The AGH NRW ruled that the DPO’s activity is a legal service within the meaning of section 2 of the RDG.
The AGH NRW also says that this is a permitted legal service with reference to §§ 1 and 3 RDG. It states that legal services are not unlawful if there is another authorisation law outside the RDG. Article 39 of the GDPR is such a permission norm. Its wording explicitly mentions legal services. It says that advice and information about the rights and obligations under this regulation are part of it. I.e. art. 39 GDPR defines data protection advice by the DPO here. No more, but also no less.
According to the AGH NRW, article 39 GDPR sufficiently defines the tasks and powers of the DPO for a specific area and specific activities.

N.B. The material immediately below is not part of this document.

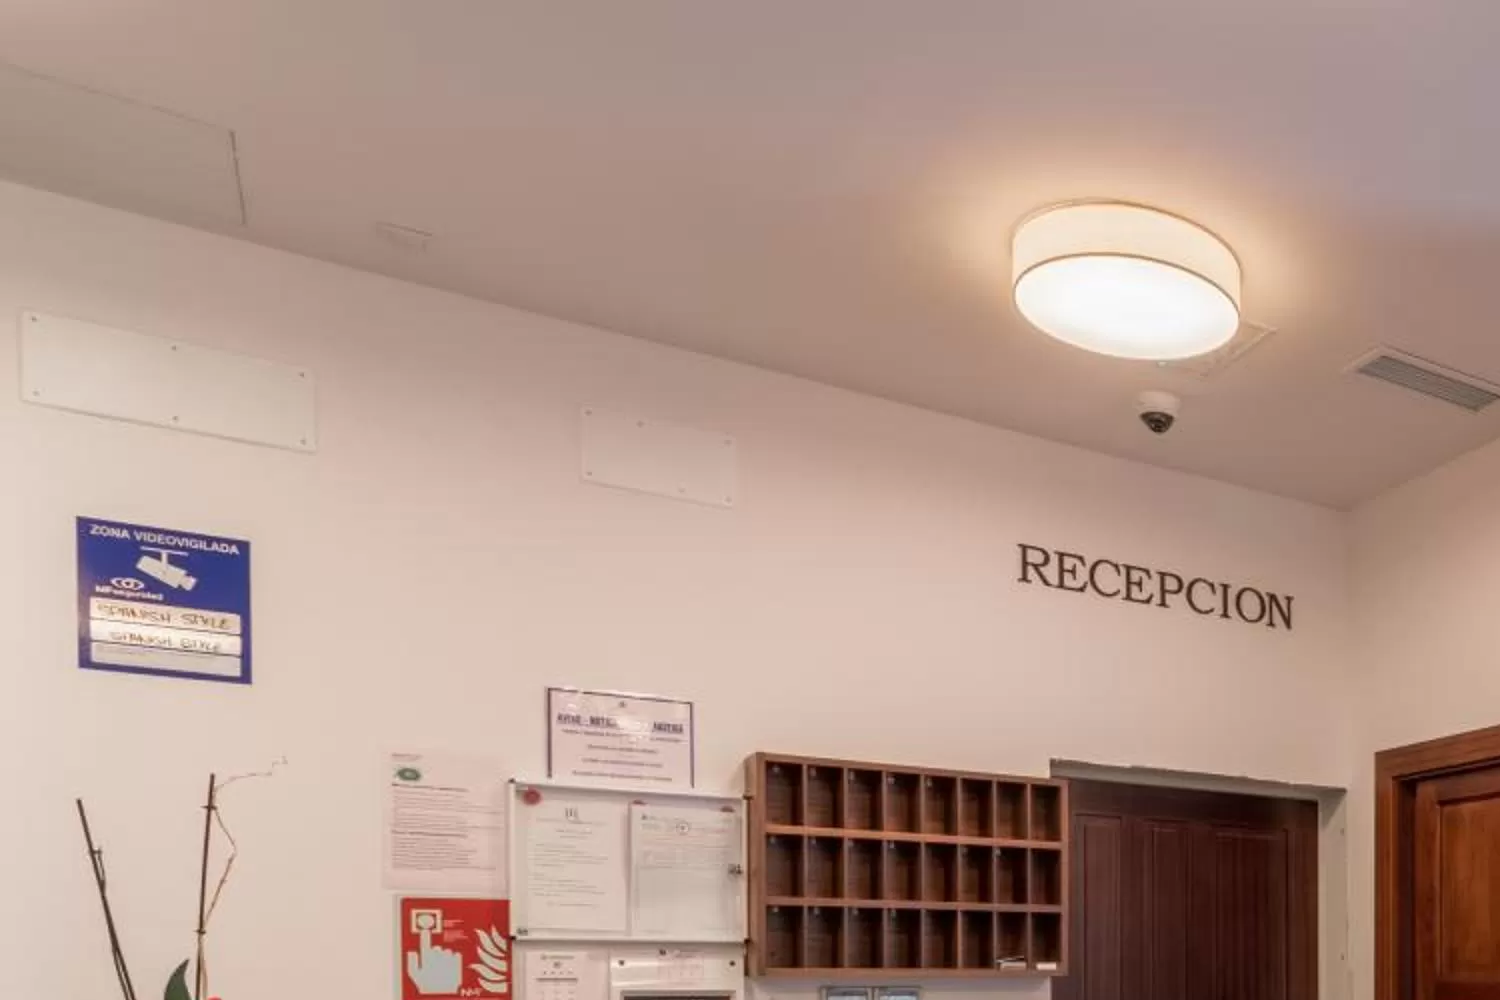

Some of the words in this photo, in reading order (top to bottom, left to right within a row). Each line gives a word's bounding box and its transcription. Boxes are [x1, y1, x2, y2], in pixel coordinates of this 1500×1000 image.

[89, 524, 131, 540] ZONA
[133, 531, 241, 556] VIDEOVIGILADA
[1017, 543, 1295, 630] RECEPCION

3. What are the tasks of the Data Protection Officer?
Legal advice is one of the three core elements, but only one and usually the smaller part of the Data Protection Officer’s work. The three core elements are: business advice, technical and organisational advice and, in addition, legal advice, i.e. advice on data protection law.

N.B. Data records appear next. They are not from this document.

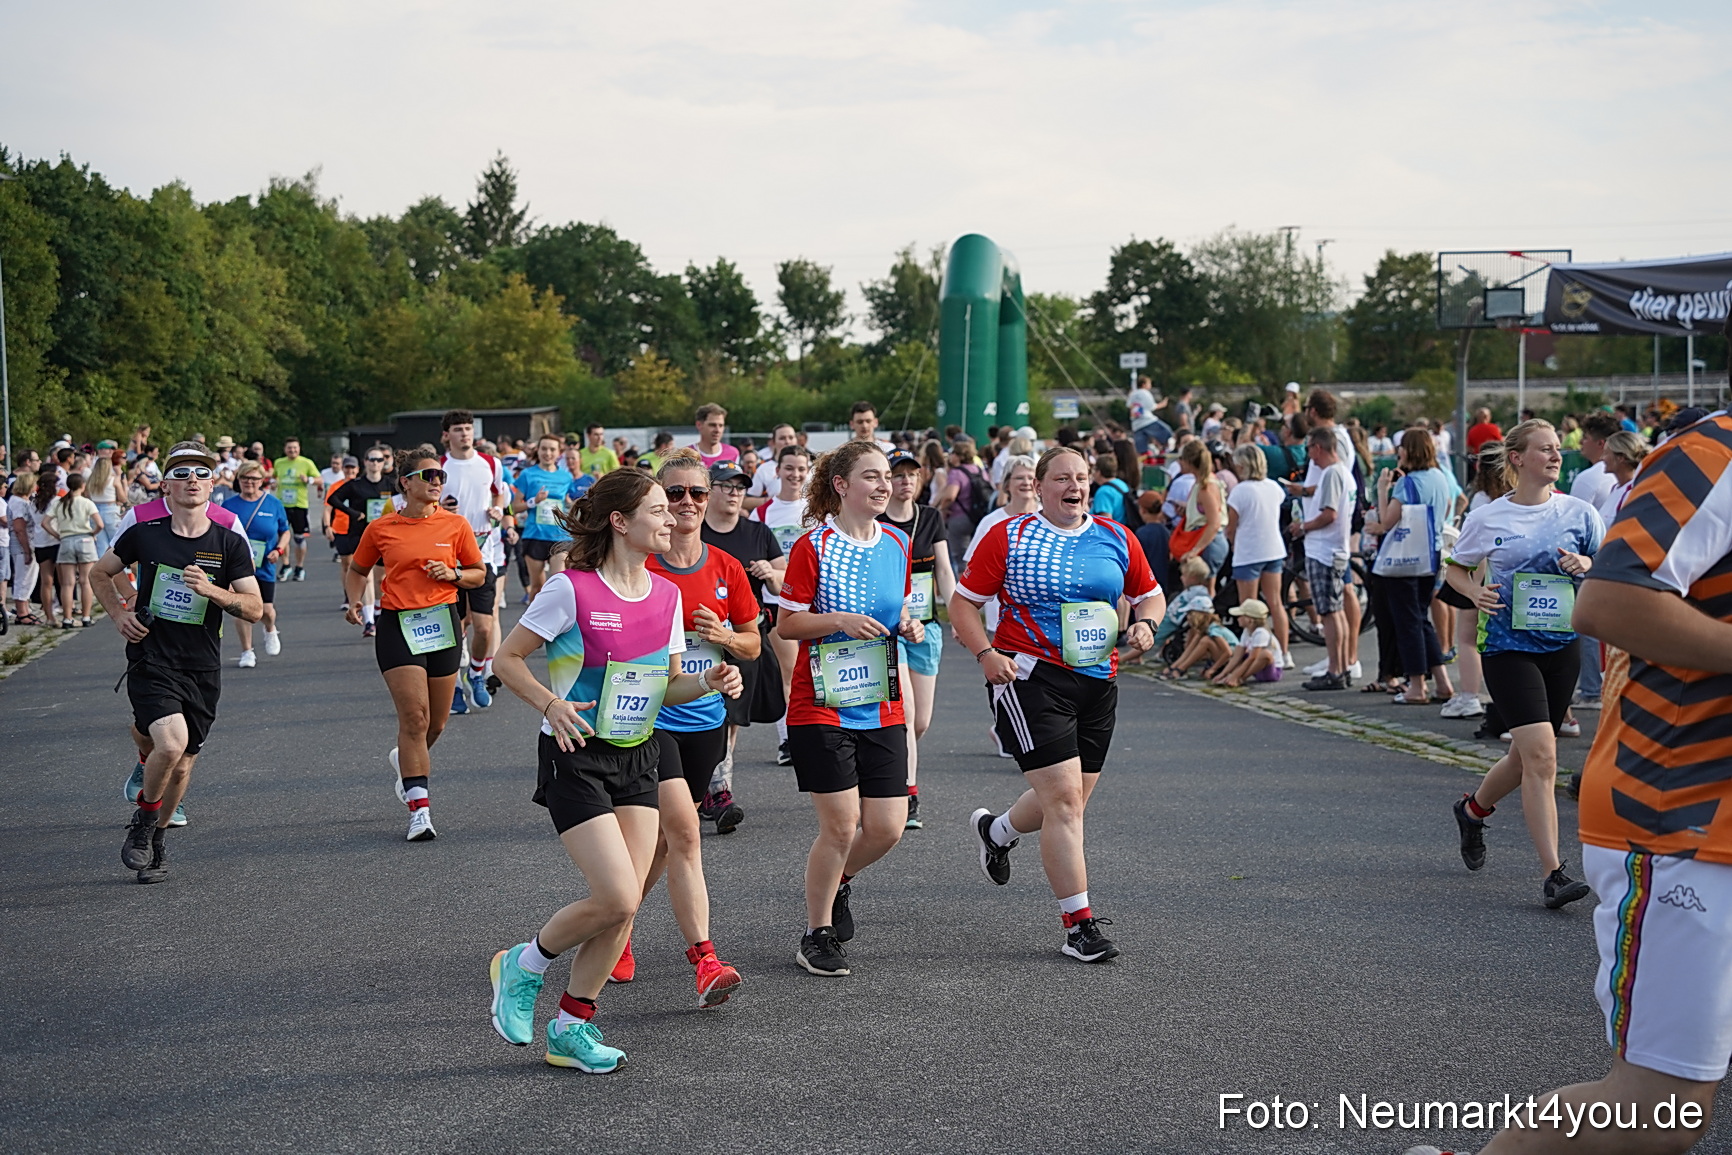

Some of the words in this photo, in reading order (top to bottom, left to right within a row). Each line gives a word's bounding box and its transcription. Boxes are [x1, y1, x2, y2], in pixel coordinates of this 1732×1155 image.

[1629, 285, 1677, 321] Hier
[165, 589, 192, 604] 255
[1528, 597, 1558, 609] 292
[412, 623, 441, 637] 1069
[1075, 628, 1107, 642] 1996
[681, 659, 713, 674] 2010
[838, 665, 869, 682] 2011
[832, 684, 859, 693] Katharina
[859, 680, 881, 688] Weibert
[616, 694, 650, 712] 1737
[612, 713, 626, 722] Katja

Even if art. 39 GDPR is not a sufficient permission law, one must come to § 5 RDG and refer to it. Legal advice is at least a permitted secondary activity. It is a permitted legal service that must be able to be provided so that the DPO can also fulfil his or her activity in accordance with legal requirements.
It is important to note that legal services for a DPO are only permitted to the extent that they are necessary for the activity as DPO. In other words, not beyond that – regardless of whether the appointed DPO is a lawyer or not. There are different professional profiles and roles here, which must be distinguished and separated in their exercise and must not be mixed with each other. It must also be examined to what extent there is not a conflict of interest between legal advice as a Data Protection Officer and legal advice as a lawyer.

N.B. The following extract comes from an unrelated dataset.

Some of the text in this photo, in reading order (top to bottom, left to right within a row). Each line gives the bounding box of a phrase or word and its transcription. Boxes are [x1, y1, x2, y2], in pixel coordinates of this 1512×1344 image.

Consequently, a lawyer who is appointed as a DPO can only perform the (advisory) tasks of a DPO in this function. As a DPO, he or she is “not competent” to provide legal advice beyond this and, by virtue of his or her function as DPO, cannot do so.
Furthermore, it may be necessary to discuss what else belongs to data protection law; e.g. Unfair Competition Act, Social Code, General Terms and Conditions Act, etc. Where do the boundaries begin, where do they end and how deep – the deeper interpretation, as secondary questions also under liability aspects.
4. Conclusion
It is not the clarification of legal issues that makes up the focus of the typical activity of the appointed data protection officer, this is an ancillary activity. The focus of the activities lies in the audit of procedures, processing and processes, i.e. in the control and monitoring of data protection conformity and the organisation’s compliance with the GDPR.
The GDPR is an EU regulation that takes precedence over national law. National law, in this case the RDG, cannot be interpreted and applied in a way that limits the effectiveness of EU law.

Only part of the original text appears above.